第14章 【虎杖/コミュ提出物】ヘレボルス


深夜の病棟をうろついていたところをスタッフに保護されたことがあり、その時に出歩いていた理由を頑なに言わなかったのが懸念材料だと資料にも記載がある。


「それで、とりあえず俺たちが調査を任されたんですか」

「ってゆーか、なんでこの病院が急に都市伝説の舞台になってんの?至って普通の病院な気がするけど」


病院の正門をくぐり、入口までの道を歩きながら、悠仁は素朴な疑問を投げかけた。

その隣で、恵は顎に手をあてながら事件の資料を読み込んでいる。


「それについては、伊地知さんが気になって調べたっス。だけど、ネットの世界が広すぎて都市伝説の出どころが掴めなかったんだなーこれが。ビル事故後から噂が広がり始めたのは、少しきな臭いところっス」

「ふーん、伊地知さんが調べても分からないって珍しくない?」

「『私の調査不足です。申し訳ありません』って、風邪ひきながらも連絡くれたっス」

「いや別に謝らなくても……」


悠仁は気遣わしげに眉を寄せた。

伊地知は補助監督として優秀だが、その能力に驕らず、常に謙虚な姿勢を崩さない。それは美徳ではあるが、あまり自分を責める必要はないのではといつも思う。

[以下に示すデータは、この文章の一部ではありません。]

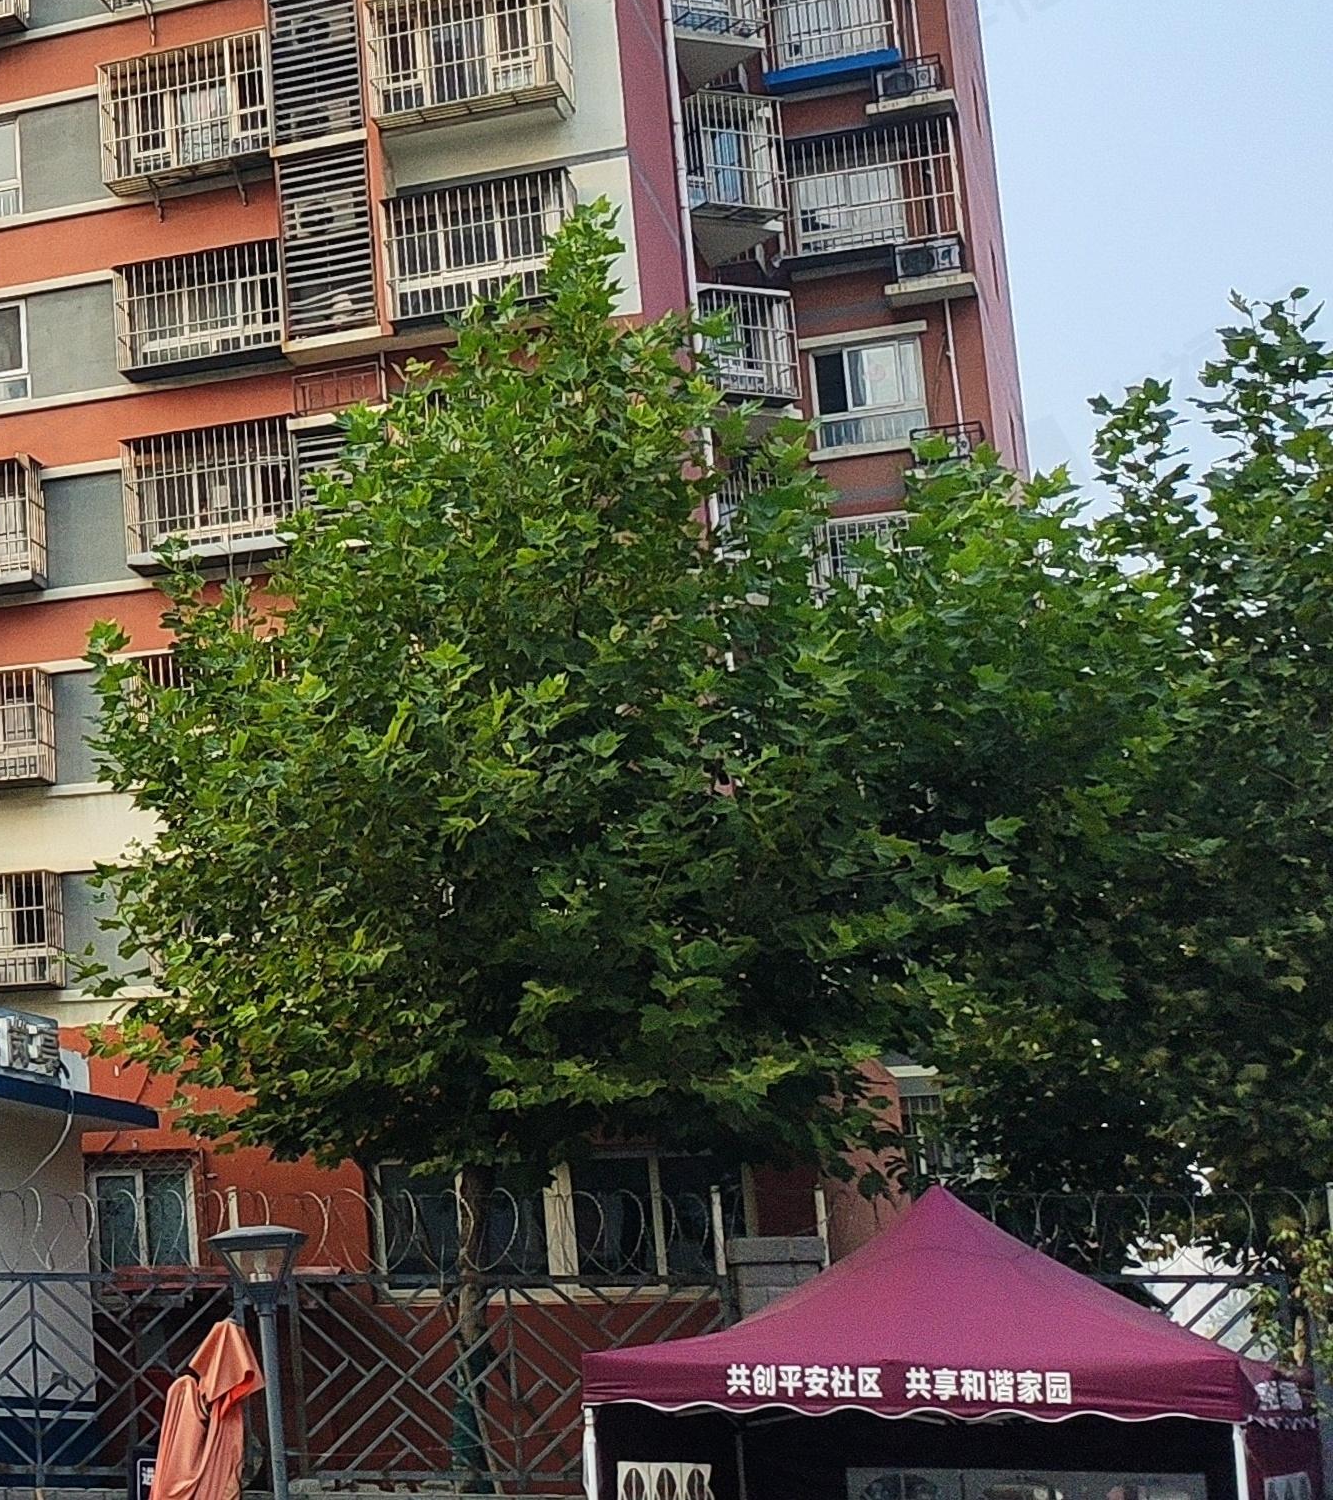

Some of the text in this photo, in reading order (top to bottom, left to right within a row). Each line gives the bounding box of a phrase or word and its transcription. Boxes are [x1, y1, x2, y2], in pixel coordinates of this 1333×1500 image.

[726, 1363, 1073, 1405] 共创平安社区 共享和谐家园

そんな会話を繰り広げながら歩いているうちに、全員病院の入口まで辿り着いた。


「じゃあ……私は伊地知さんの代理で書類作成の仕事をしつつ、病院の駐車場に待機してるっス。何か分かったら電話で!」


自動ドアの前で爽やかに全てを丸投げしてくる明を見送り、彼らは病院内に入った。